Les Chroniques d'Olivier Nottale / société / 20/09/2021

Michel SOUDAIS dans Politis daté du 15septembre 2021 titre :

« La peste Zemmour »

En effet cela commence sérieusement à bien faire, Eric un prénom bien français n’est-ce pas !

« L’irruption d’Éric Zemmour sur la scène électorale dans la perspective de la présidentielle est un fait incontournable, et c’est loin d’être une bonne nouvelle. » Écrit Michel SOUDAIS en effet...

« Sauf à vivre retiré du monde, sans télé, ni radio, ni journaux, ni réseaux sociaux. Même s’il fait mine d’y réfléchir encore, le polémiste a pris sa décision. Quand on fait coller ou laisse coller des affiches « Zemmour président », quand on démarche les maires pour recueillir leurs parrainages, quand on publie mi-septembre un livre au titre en forme de manifeste, La France n’a pas dit son dernier mot, avec sa photo en couverture sur fond de drapeau tricolore, on est candidat.



Le Conseil supérieur de l’audiovisuel (CSA) ne s’y est pas trompé en demandant aux médias audiovisuels de « décompter les interventions » du polémiste « portant sur le débat politique national », provoquant l’arrêt de son émission quotidienne sur CNews. Depuis près de deux ans, il pouvait y diffuser ses idées nauséabondes sans contradicteur. »

Et c’est là où le bas blesse, à force de ne rien faire, de ne rien dire ni contredire on en est là. Pauvre France Zemmour n’est plus un candidat virtuel folklorique !

« Toutefois, je vous rassure si j’ose dire la fin de cette tribune ne l’empêche pas de saturer l’espace médiatique.

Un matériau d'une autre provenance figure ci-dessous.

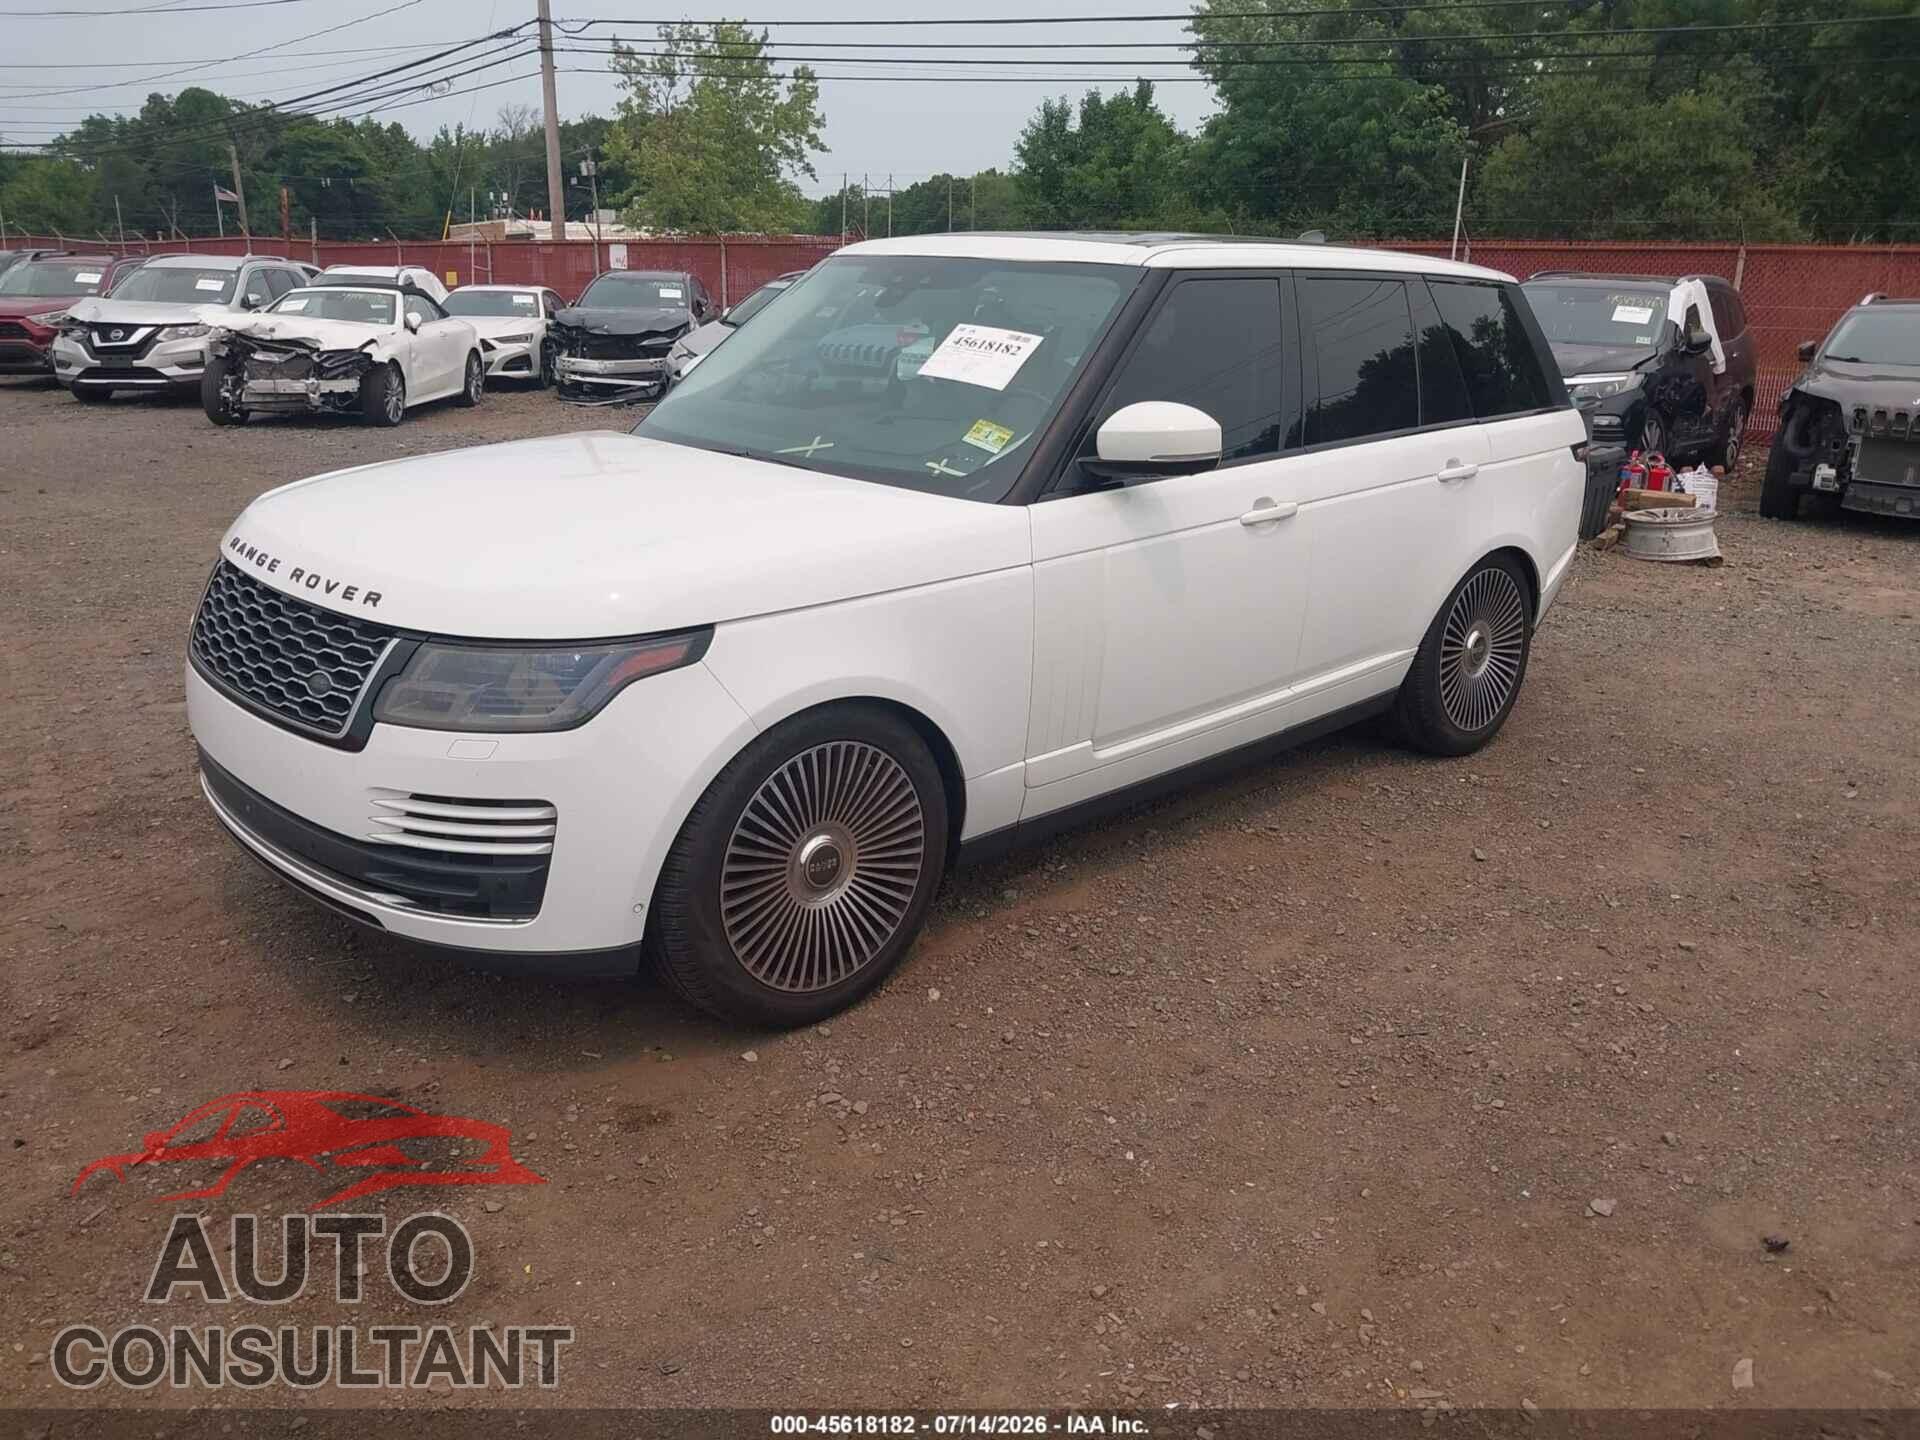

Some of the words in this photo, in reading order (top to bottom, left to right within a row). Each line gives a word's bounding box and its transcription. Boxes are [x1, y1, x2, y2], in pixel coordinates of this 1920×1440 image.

[952, 336, 1022, 356] 45618182
[229, 536, 281, 573] RANGE
[289, 567, 383, 608] ROVER

Avant même la sortie de son brûlot, dont le Figaro magazine a publié les « bonnes feuilles »,avec les gros guillemets qui devrait aller avec.

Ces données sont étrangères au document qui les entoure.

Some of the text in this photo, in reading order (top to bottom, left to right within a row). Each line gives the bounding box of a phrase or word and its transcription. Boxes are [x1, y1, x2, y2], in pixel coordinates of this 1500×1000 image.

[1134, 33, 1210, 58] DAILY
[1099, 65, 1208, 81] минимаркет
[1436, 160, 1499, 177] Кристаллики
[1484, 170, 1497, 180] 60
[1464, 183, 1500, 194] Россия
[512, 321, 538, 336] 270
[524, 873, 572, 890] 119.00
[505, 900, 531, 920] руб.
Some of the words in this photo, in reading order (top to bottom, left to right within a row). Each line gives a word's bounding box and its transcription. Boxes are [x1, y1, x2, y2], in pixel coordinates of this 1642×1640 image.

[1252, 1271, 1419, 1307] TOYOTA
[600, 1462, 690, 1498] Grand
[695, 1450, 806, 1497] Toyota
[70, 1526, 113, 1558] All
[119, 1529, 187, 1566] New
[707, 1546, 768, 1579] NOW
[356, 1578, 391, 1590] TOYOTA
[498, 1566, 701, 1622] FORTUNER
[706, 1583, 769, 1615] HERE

Zemmour croulait sous les invitations : C8, France 2, CNews, RTL Matin, BFM TV…. Tous le veulent et multiplient les émissions et reportages sur lui, contribuant à l’installer au cœur de la campagne présidentielle qui débute, comme certains ont favorisé l’essor de sa candidature qui n’était, en 2015, qu’une mauvaise fiction imaginée par le futur directeur de la rédaction de Valeurs actuelles et publiée par une obscure maison d’édition d’extrême droite. » Merci encore Michel SOUDAIS de nous rappeler l’histoire de la genèse de cette stupéfiante affaire.



« Six ans plus tard, l’éditorialiste, plusieurs fois condamné il ne faut jamais l’oublier, a étendu ses réseaux. Il a ses supporters, regroupés en associations de soutien, suffisamment dévoués et organisés pour coller en une nuit 50 000 affiches. Des groupes nourrissent son argumentaire et travaillent à son programme.



Par comparaison, il contribue à rendre Marine Le Pen acceptable.

C’est un peu le meilleur « dédiabolisateur » en somme !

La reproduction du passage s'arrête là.